_Extracted entries_.

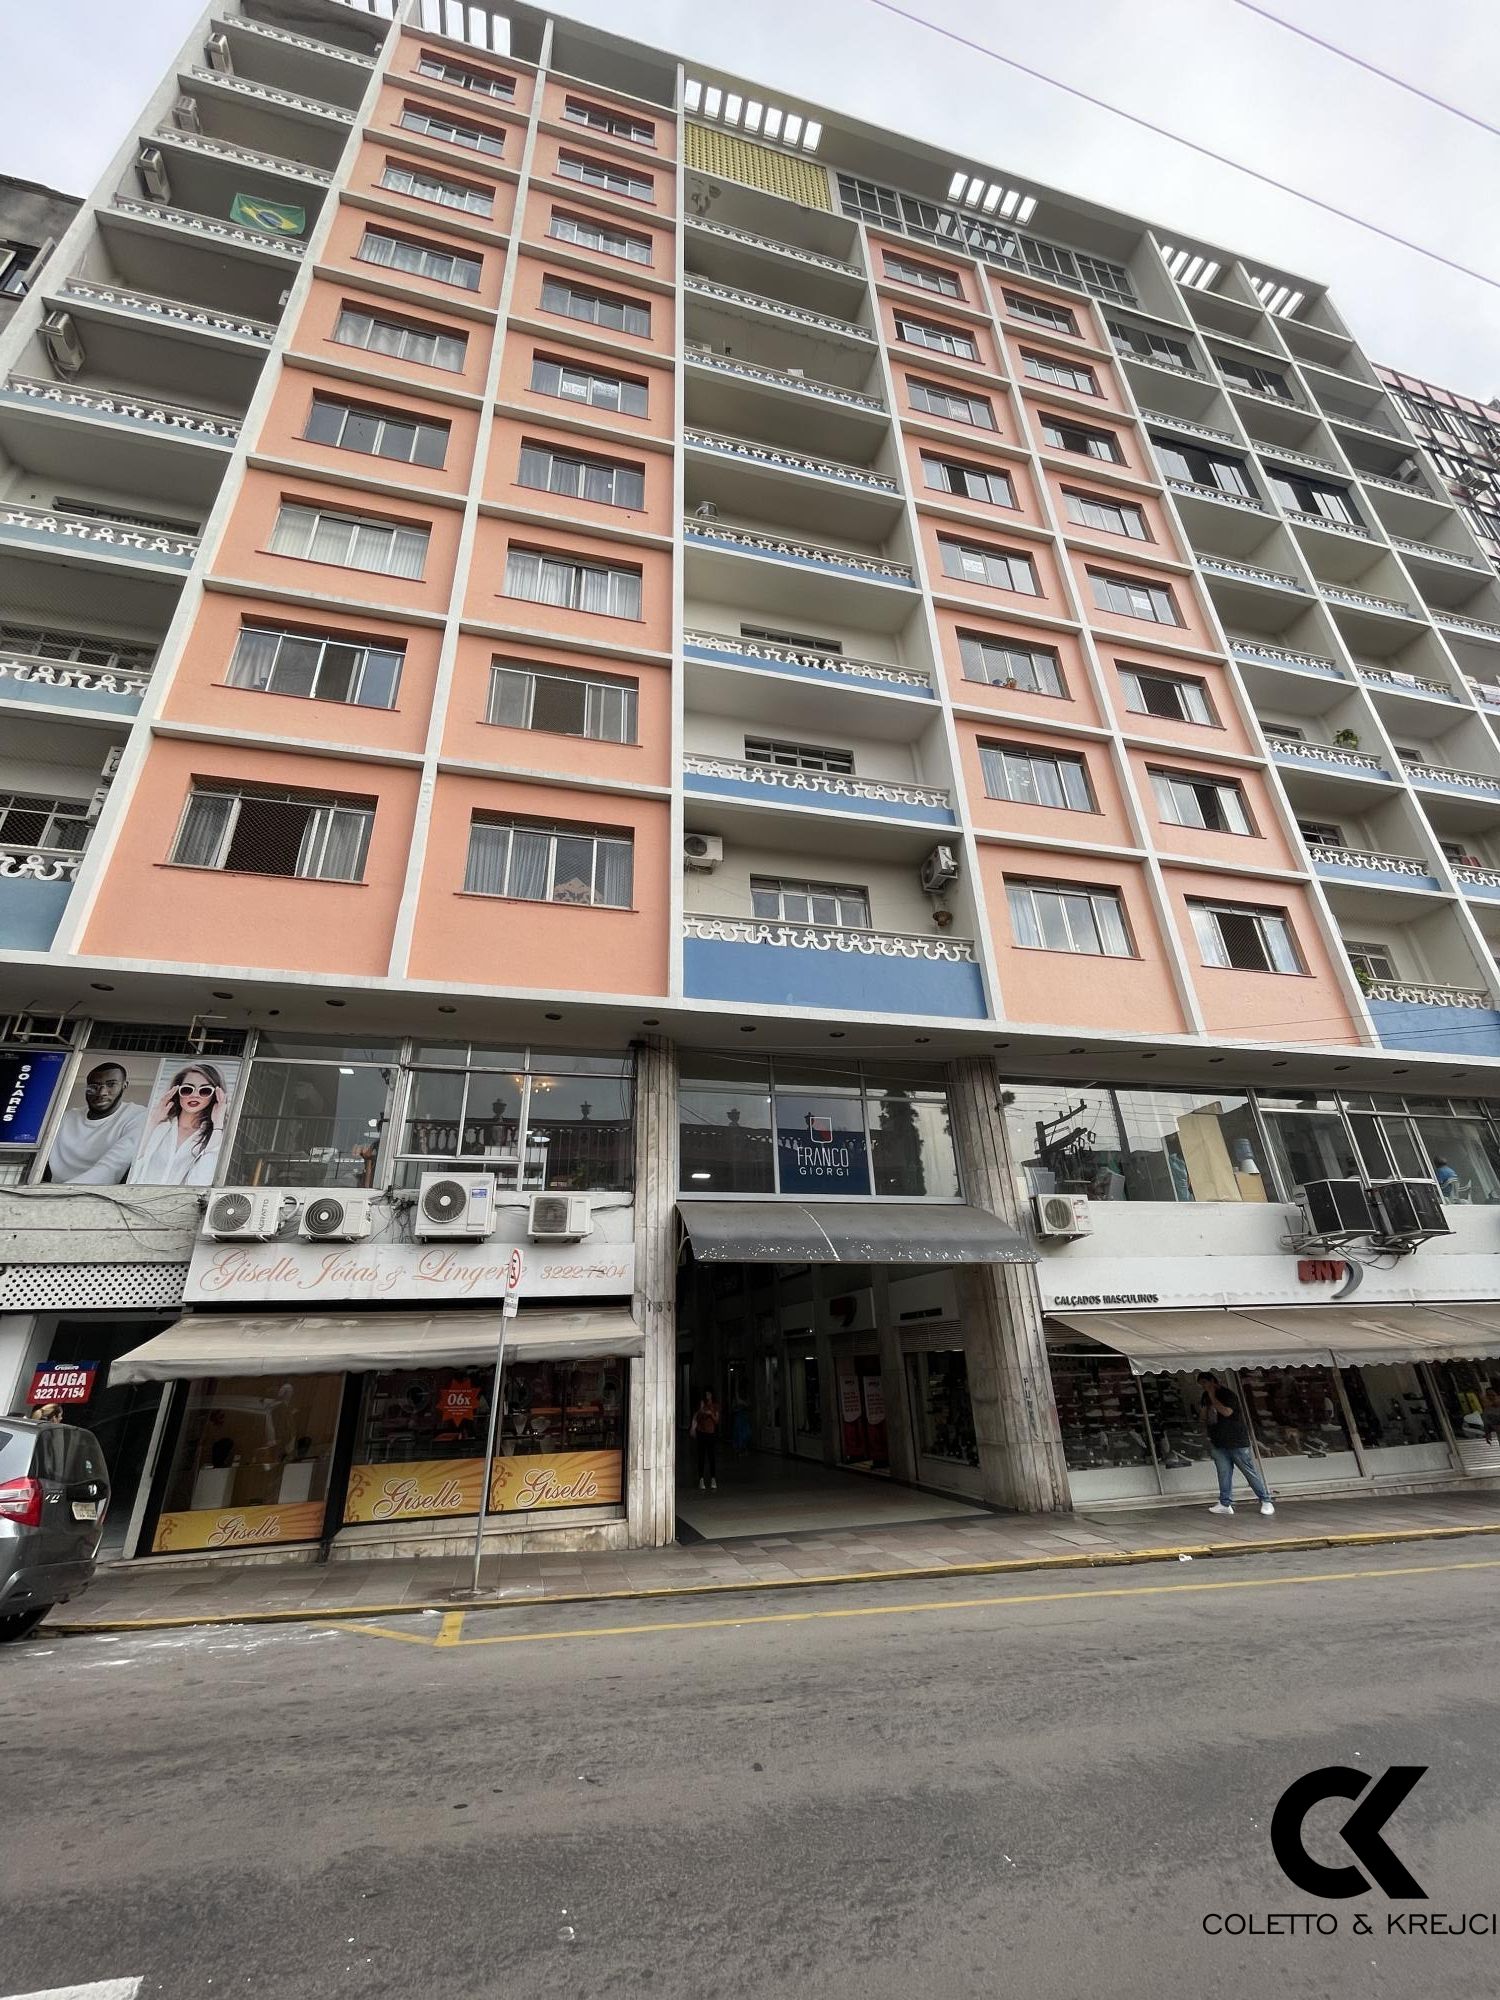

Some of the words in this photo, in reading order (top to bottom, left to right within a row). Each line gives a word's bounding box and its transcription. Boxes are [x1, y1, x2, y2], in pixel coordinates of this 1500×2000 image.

[3, 1065, 31, 1121] SOLARES
[797, 1147, 849, 1167] FRANCO
[799, 1166, 849, 1177] GIORGI
[199, 1247, 300, 1292] Giselle
[297, 1249, 379, 1290] Jóias
[378, 1265, 407, 1292] &
[1054, 1295, 1101, 1307] CALÇADOS
[1102, 1293, 1159, 1305] MASCULINOS
[38, 1372, 87, 1387] ALUGA
[33, 1387, 85, 1400] 3221.7154
[447, 1393, 471, 1406] 06x
[372, 1477, 462, 1518] Giselle
[515, 1469, 598, 1508] Giselle
[207, 1515, 280, 1548] Giselle

_Work task_. Print each record exactly as it stands, leaving the images out.

_Task response_.
Some of the words in this photo, in reading order (top to bottom, left to right within a row). Each line gives a word's bounding box and its transcription. Boxes are [x1, y1, x2, y2], in pixel coordinates of this 1500×2000 image.

[3, 1065, 31, 1121] SOLARES
[797, 1147, 849, 1167] FRANCO
[799, 1166, 849, 1177] GIORGI
[199, 1247, 300, 1292] Giselle
[297, 1249, 379, 1290] Jóias
[378, 1265, 407, 1292] &
[1054, 1295, 1101, 1307] CALÇADOS
[1102, 1293, 1159, 1305] MASCULINOS
[38, 1372, 87, 1387] ALUGA
[33, 1387, 85, 1400] 3221.7154
[447, 1393, 471, 1406] 06x
[372, 1477, 462, 1518] Giselle
[515, 1469, 598, 1508] Giselle
[207, 1515, 280, 1548] Giselle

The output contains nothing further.